Exercise description:
When you transcribe the entries below, keep the wording exact and omit the pictures.

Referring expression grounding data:
*** Begin section ***

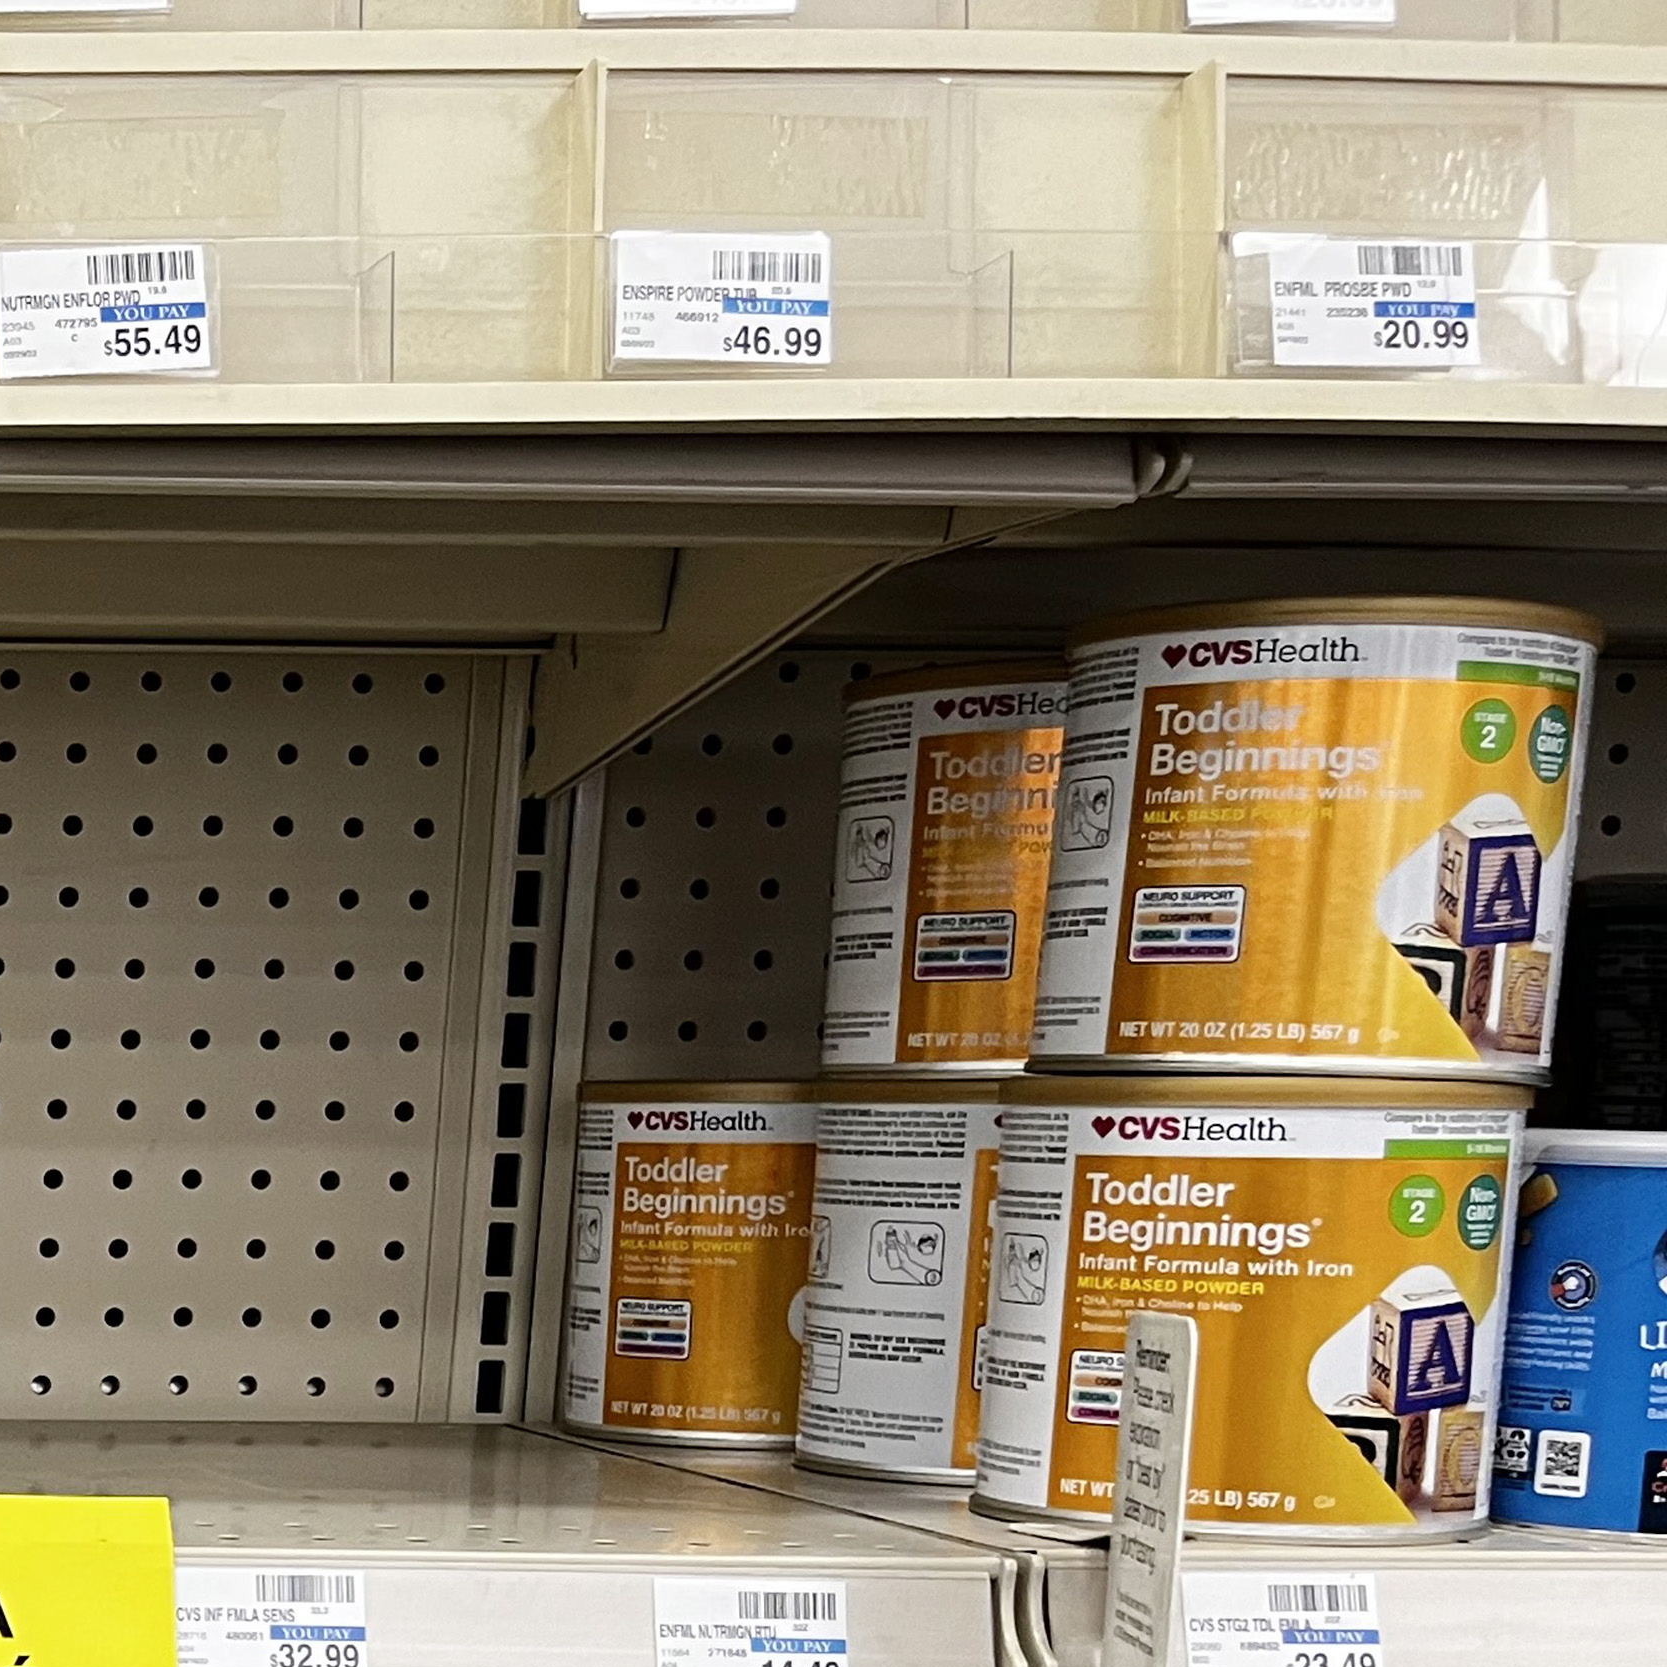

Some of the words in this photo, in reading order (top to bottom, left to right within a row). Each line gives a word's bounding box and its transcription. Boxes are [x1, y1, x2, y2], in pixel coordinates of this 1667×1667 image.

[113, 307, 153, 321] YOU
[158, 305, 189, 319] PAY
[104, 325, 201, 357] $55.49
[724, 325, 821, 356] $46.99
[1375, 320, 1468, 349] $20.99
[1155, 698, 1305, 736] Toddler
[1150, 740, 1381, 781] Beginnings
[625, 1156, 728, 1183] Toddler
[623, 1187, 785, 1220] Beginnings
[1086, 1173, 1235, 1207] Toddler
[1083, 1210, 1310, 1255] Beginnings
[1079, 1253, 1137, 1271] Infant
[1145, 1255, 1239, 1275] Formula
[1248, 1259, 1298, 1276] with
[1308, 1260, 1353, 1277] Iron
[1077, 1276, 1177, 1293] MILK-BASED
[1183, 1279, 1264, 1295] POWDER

*** End section ***

Output:
Some of the words in this photo, in reading order (top to bottom, left to right within a row). Each line gives a word's bounding box and its transcription. Boxes are [x1, y1, x2, y2], in pixel coordinates of this 1667×1667 image.

[113, 307, 153, 321] YOU
[158, 305, 189, 319] PAY
[104, 325, 201, 357] $55.49
[724, 325, 821, 356] $46.99
[1375, 320, 1468, 349] $20.99
[1155, 698, 1305, 736] Toddler
[1150, 740, 1381, 781] Beginnings
[625, 1156, 728, 1183] Toddler
[623, 1187, 785, 1220] Beginnings
[1086, 1173, 1235, 1207] Toddler
[1083, 1210, 1310, 1255] Beginnings
[1079, 1253, 1137, 1271] Infant
[1145, 1255, 1239, 1275] Formula
[1248, 1259, 1298, 1276] with
[1308, 1260, 1353, 1277] Iron
[1077, 1276, 1177, 1293] MILK-BASED
[1183, 1279, 1264, 1295] POWDER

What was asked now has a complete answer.